日本でもようやくワクチンの接種が始まりそうだ。菅義偉首相は2月2日、2月中旬から医療従事者400万人へのワクチン接種を開始、4月からは高齢者への接種を開始する見通しを明らかにした。しかし、不思議でならないことがある。国と社会の安全を担っている人々への接種が最優先されていないことだ。
確かに、最初に接種される医療従事者の中に、患者を搬送する救急隊員、患者と直接に接する保健所職員などが含まれてはいる。だが、直接的なコロナ対応しか考えなかった結果、ほかの医療に深刻な影響が及んでいる日本の現状を象徴したような、視野の狭い、戦略性に欠ける取り組みと言わざるを得ない。
エッセンシャルワーカーを最優先
本稿では、コロナ以外の医療体制の維持が重要であるように、電力、電話、エネルギー、水、交通など重要インフラを担う人たち、食料の生産販売と流通を担う人たち、清掃業務の担当者など、いわゆるエッセンシャルワーカーへのワクチン接種は、最優先されるべきだと指摘したい。
そして、なによりも消防、警察、自衛隊、海上保安庁など「平時の戦い」の最前線にいる人々も、最優先接種の対象であることを忘れてもらっては困る。
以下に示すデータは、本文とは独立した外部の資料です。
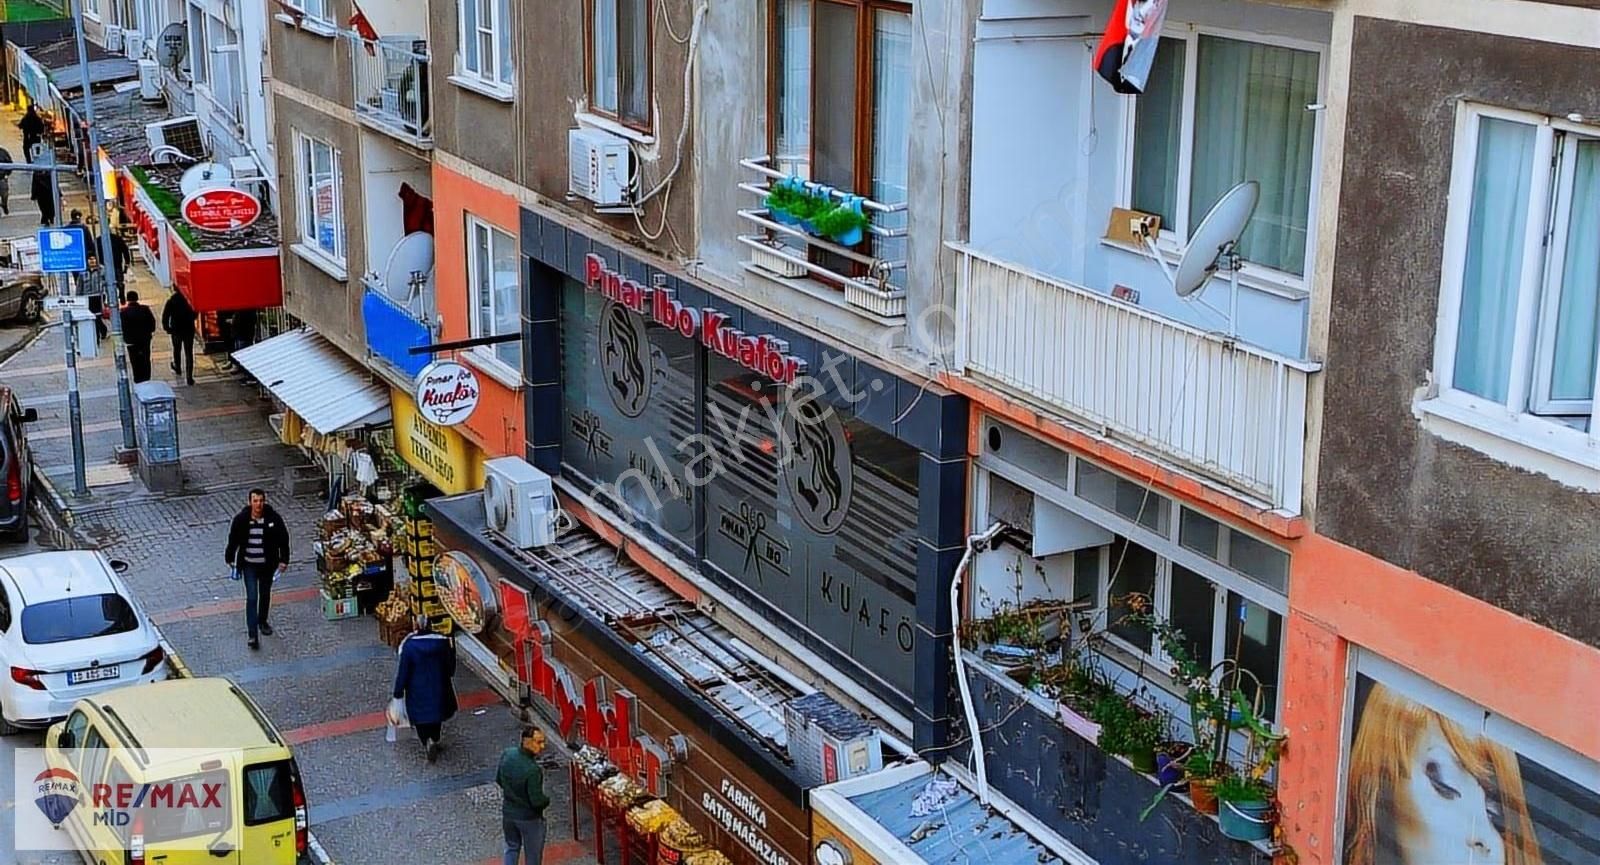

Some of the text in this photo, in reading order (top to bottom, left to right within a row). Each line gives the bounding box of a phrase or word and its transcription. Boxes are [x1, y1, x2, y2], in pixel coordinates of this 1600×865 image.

[585, 252, 808, 388] Pınar İbo Kuaför
[421, 381, 478, 408] Kuaför
[702, 792, 734, 833] SATIŞ
[721, 779, 768, 829] FABRİKA
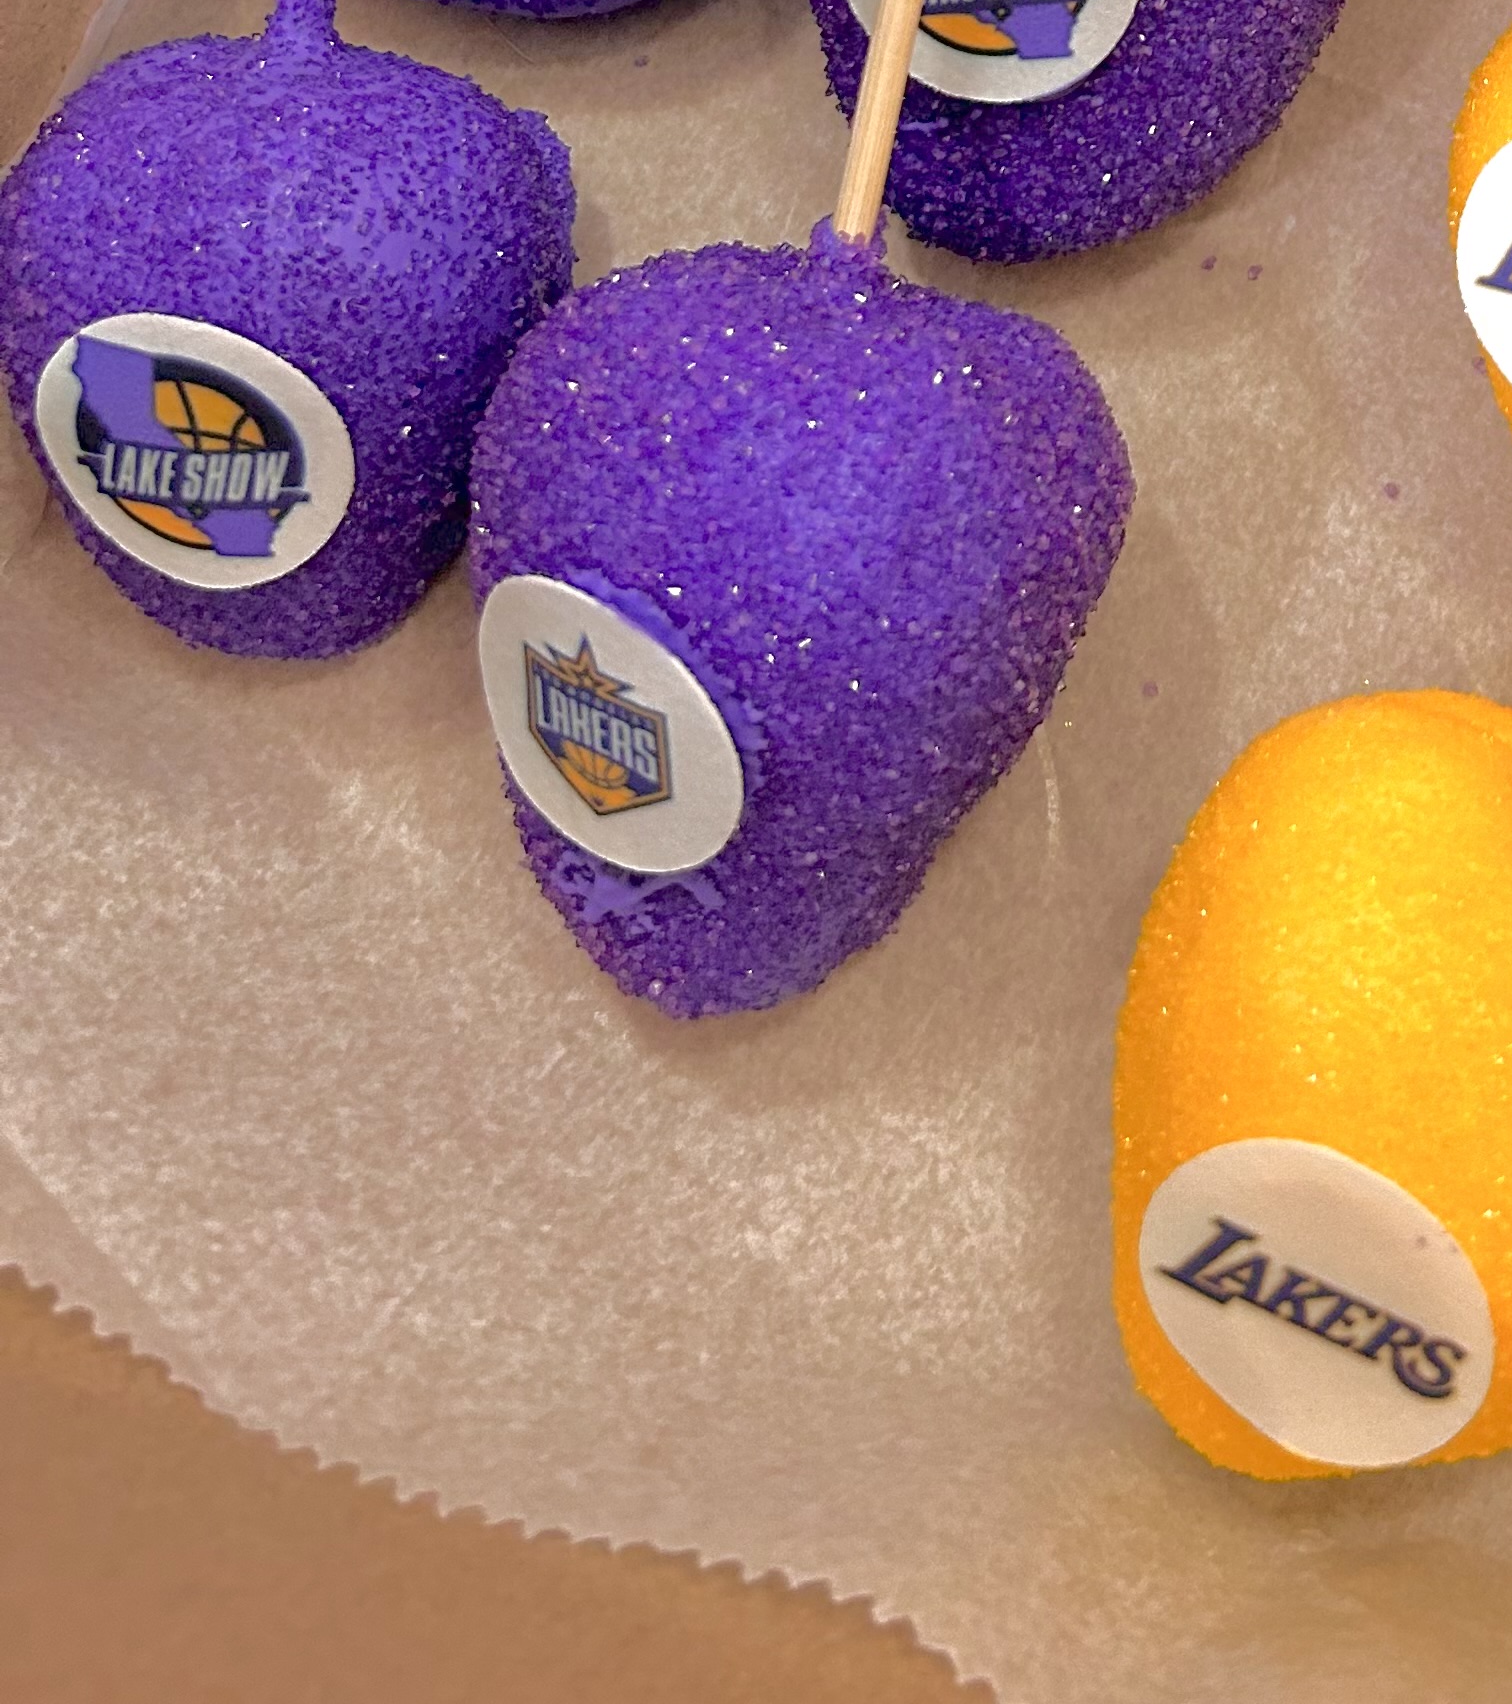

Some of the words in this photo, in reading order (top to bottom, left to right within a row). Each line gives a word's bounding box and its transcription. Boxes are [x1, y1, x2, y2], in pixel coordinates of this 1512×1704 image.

[102, 442, 178, 498] LAKE
[181, 449, 290, 503] SHOW
[536, 675, 660, 784] LAKERS
[1156, 1214, 1469, 1398] LAKERS
火災、事故、救急救命、犯罪、国籍不明機への緊急発進(スクランブル)、尖閣諸島での中国海警への対処の第一線で、コロナに感染する事態が生じたら、日本国の安全を保つことなどできるわけがない。
全米科学アカデミー、全米医学アカデミーなど3者からなる米国アカデミーズが昨年10月に提示した報告書「COVID-19ワクチンの公平分配の枠組み」はワクチン接種について5段階(フェーズ)を設定している。最優先すべき〈フェーズ1a〉の対象は、最前線の医療従事者(病院、高齢者施設、在宅医療、救急隊)および医療施設で輸送や清掃を行う労働者と明記されており、地域的な流行状況によっては警察・消防の初動要員も含む、とされている。
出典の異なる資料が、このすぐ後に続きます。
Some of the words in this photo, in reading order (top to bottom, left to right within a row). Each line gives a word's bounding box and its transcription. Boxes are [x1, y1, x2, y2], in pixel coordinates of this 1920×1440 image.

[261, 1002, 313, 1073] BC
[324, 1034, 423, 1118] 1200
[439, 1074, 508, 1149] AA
ちなみに、報告書「COVID-19ワクチンの公平分配の枠組み」はフェーズ1bから4を次のように規定している。
〈フェーズ1b〉重症化と死亡のリスクを大幅に高める基礎疾患をもつ人と、集団生活または過密な住まいのため、対人距離の確保などの感染防止策を行いにくい高齢者。米国の新型コロナ入院患者の大多数はがん、慢性腎疾患、慢性閉塞(へいそく)性肺疾患、固形臓器移植による免疫不全、肥満(BMI30以上)、重い心臓病(心不全、冠動脈疾患、心筋症)、鎌状赤血球病、2型糖尿病の複数を抱える。フェーズ1bの対象は、これらの基礎疾患を複数もつ全ての年齢の人と、高齢者施設、長期療養施設、ホームレス施設、グループホーム、刑務所や拘置所に住む高齢者。
〈フェーズ2〉対象は、幼稚園と小中高の学校教職員(清掃・保守要員を含む)、保育労働者、食品製造・小売りや公共交通機関など新型コロナウイルスにさらされるリスクの高い不可欠な産業の労働者、上記の基礎疾患の一つがある人、フェーズ1以外の高齢者、ホームレス施設やグループホームの居住者と職員、刑事施設の被収容者と職員。
〈フェーズ3〉対象は、18~30歳の若年成人、18歳未満の子供、そして社会機能維持のため重要かつ新型コロナウイルスにさらされるリスクが平均以上ある、大学教職員や製造業労働者。若年成人と子供は重症化と死亡のリスクが低いが、若年成人は接触する人数が多く、子供も大人に感染させるリスクがある。